Daugherty casts a fresh and insightful eye on Billy Lee as well as the politics and culture of America from the early 1950s until Brammer’s death at age 48 in 1978 ... Some of the best sections of Leaving the Gay Place concern how Brammer’s interactions with Johnson helped shape The Gay Place ... Daugherty uses snippets of Brammer’s unpublished prose, much of it brilliant, in his book ... Daugherty recounts Brammer’s saga and the times in which he lived in compelling fashion, which makes Leaving the Gay Place one of this year’s best nonfiction books about Texas.
Mr. Daugherty paints a persuasive picture of a young man as an ambitious novelist, feeling the frustration, in draft after draft, of trying to get a book exactly right ... Mr. Daugherty’s subtitle—'Billy Lee Brammer and the Great Society'—promises a wider subject, but the book sometimes wobbles when Mr. Daugherty approaches the currents of the time. With his focus on Johnson, he misjudges Kennedy ... Fortunately, Mr. Daugherty stays mostly with Billy Lee and his seemingly foreordained downfall.
In Daugherty’s hyper-detailed profile, Brammer always led the Austin subculture’s transformation, from the liberals yakking under the oaks at Scholz’s to the crossroads of psychedelia to the City of the Cosmic Cowboy, a brand that still informs how the city sees (and sells) itself today. Bittersweet is a nice word for it. Tragedy is perhaps closer to the truth ... The story rolls along with some Brammerian lyricism, lending the book an intermittent sense of painterly detail. Brammer, who mangles words into perfectly imperfect, phonetic vernacular, is a good subject in this regard, and Daugherty is a worthy storyteller ... For fans of Texas writers, there’s plenty to choose from ... Despite a few hiccups in pacing, including a detailed and mostly required meditation on the Kennedy assassination, Daughtery has done yeoman’s work in compiling interviews with Brammer’s family and friends, whose strong voices lend credence and color to a deeply loving profile ... The themes of modernity, of fractured politics and fights both within and between ideological groups, certainly feel relevant. What’s more, this portrait of the artist as a dying man, forever plagued by sugar-rotted teeth and indecision, speaks to the paralyzing fears that often accompany periods of sudden change. Most of all, Brammer’s is the tale of a changing nation.

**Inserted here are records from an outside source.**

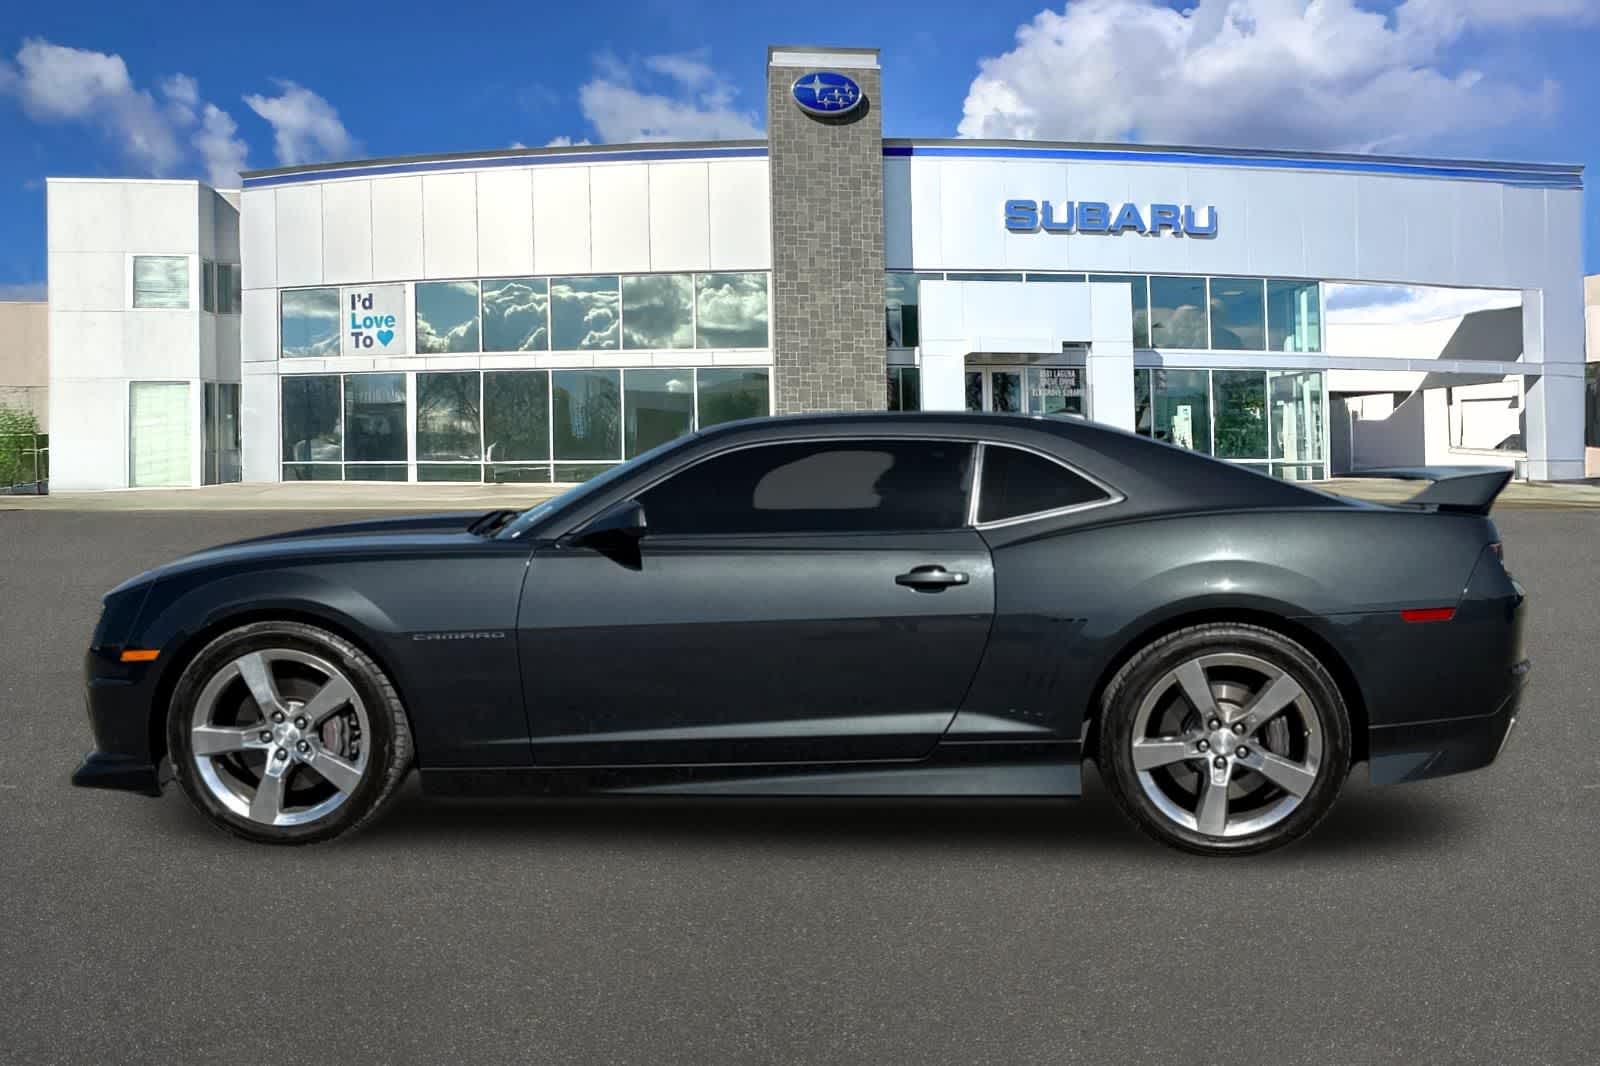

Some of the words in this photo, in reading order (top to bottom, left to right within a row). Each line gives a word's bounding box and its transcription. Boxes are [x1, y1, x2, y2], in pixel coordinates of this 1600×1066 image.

[1004, 199, 1218, 238] SUBARU
[351, 293, 373, 310] I'd
[351, 312, 396, 329] Love
[350, 332, 374, 348] To
[412, 631, 505, 641] CAMARO
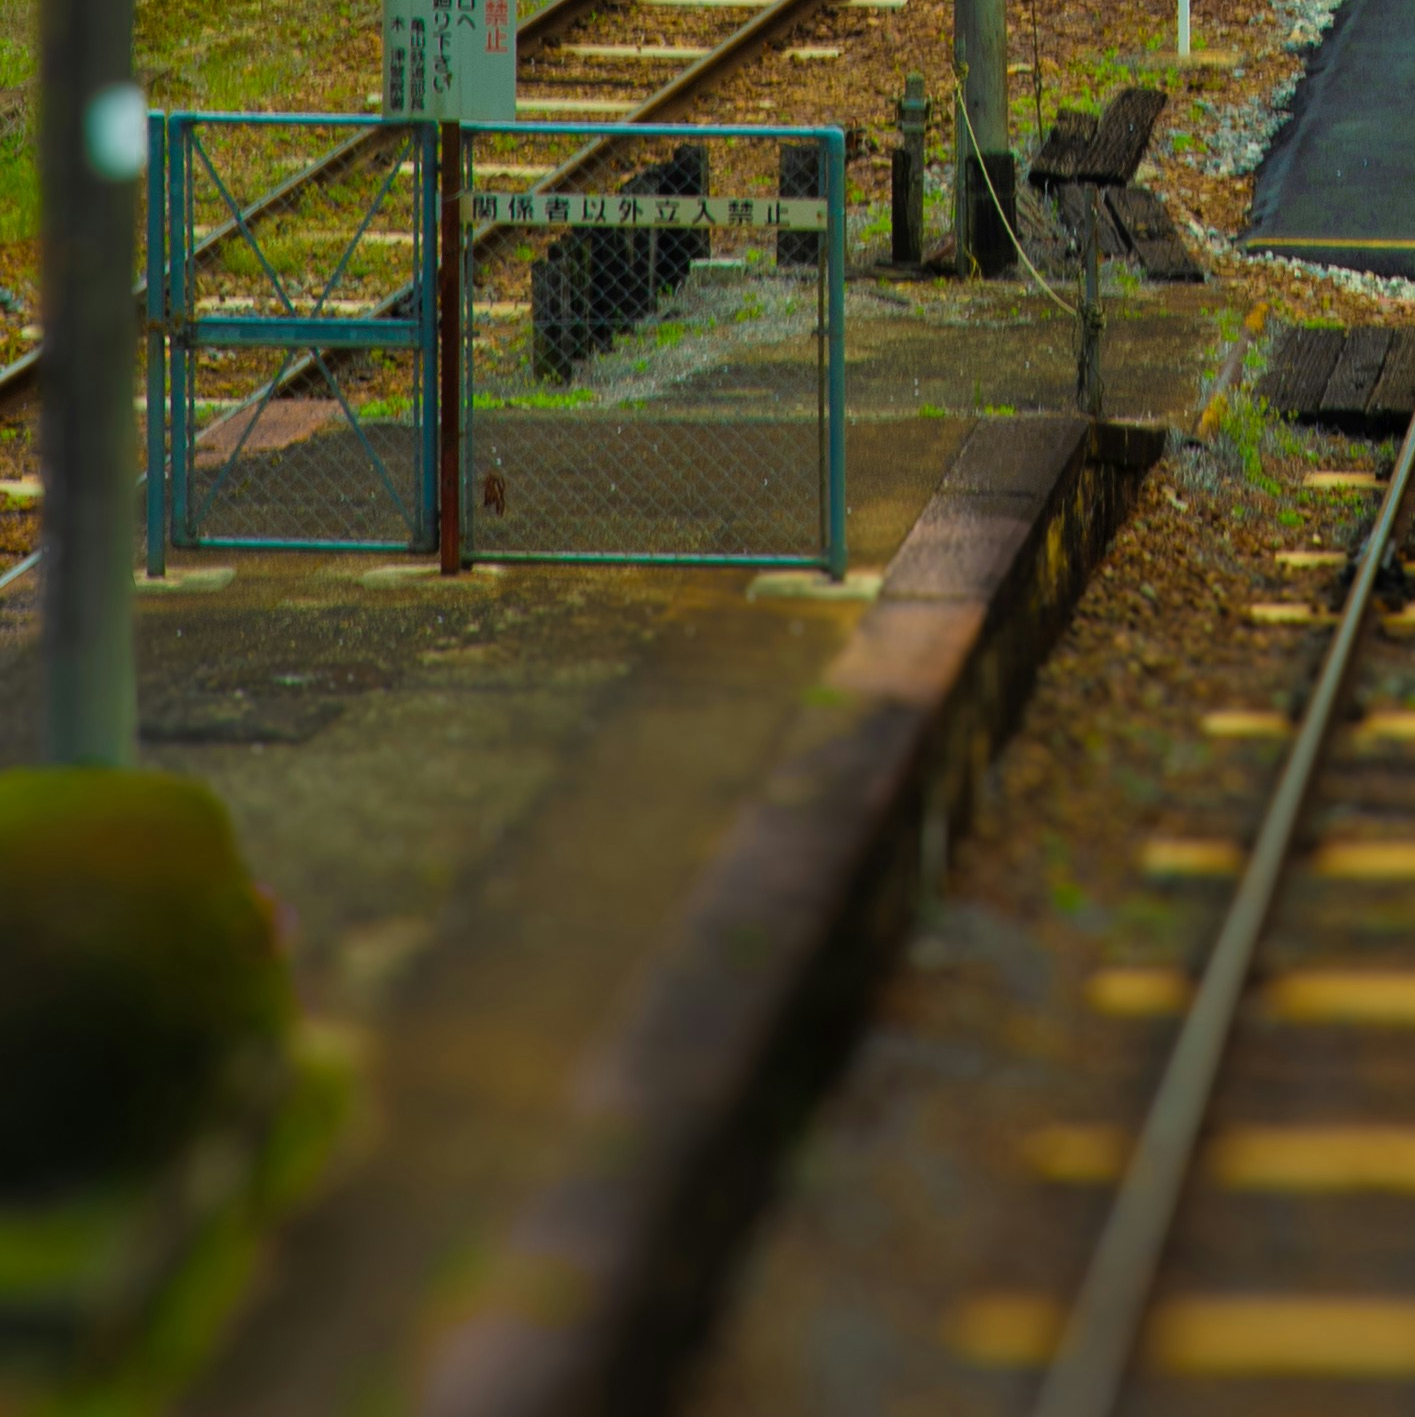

Going by the fascinating portrait of him in Leaving the Gay Place, Tracy Daugherty’s superbly gauged and powerfully evocative new biography, Brammer was the sort of seeming outlier whose contradictions turn out to be predictive ... Almost from the start, Brammer seemed bent on becoming the Lone Star State’s unlikely answer to Scott Fitzgerald, with a bit of Stendhal thrown in for leavening. As far as his admirers are concerned, he succeeded, too ... Leaving the Gay Place is a good book about Billy Lee Brammer and a great book about the ’60s. Daugherty’s most artful achievement is the poetry and resonance he finds in Johnson striving with might and main to make his Great Society real, only for Vietnam to do him in, at the same time that Johnson’s onetime factotum, at the cost of dissipating his literary gifts, is coming to epitomize a different America entirely—one that, in a sense, did Brammer in, too.
In this entertaining and colorful new book, fiction writer and biographer Daugherty...goes a long way toward elevating Brammer’s status. He also offers a generous glimpse into the political and personal life of Lyndon Johnson ... An engrossing, well-documented biography of a largely forgotten writer and his place within a quickly changing period of the 20th century.
This look at the life and times of Billy Lee Brammer...is thorough and intriguing, but not quite satisfying ... The book benefits from input from Brammer’s daughters and ex-wives, but as Daugherty himself asks at the end, 'What would have been different if he had not been around?' The answer is probably very little, especially as the reader watches Brammer’s long substance-abuse–fueled decline. His life is still notable as an example of a talented life gone awry, but Daugherty doesn’t quite make the case that it deserves such an exhaustive treatment.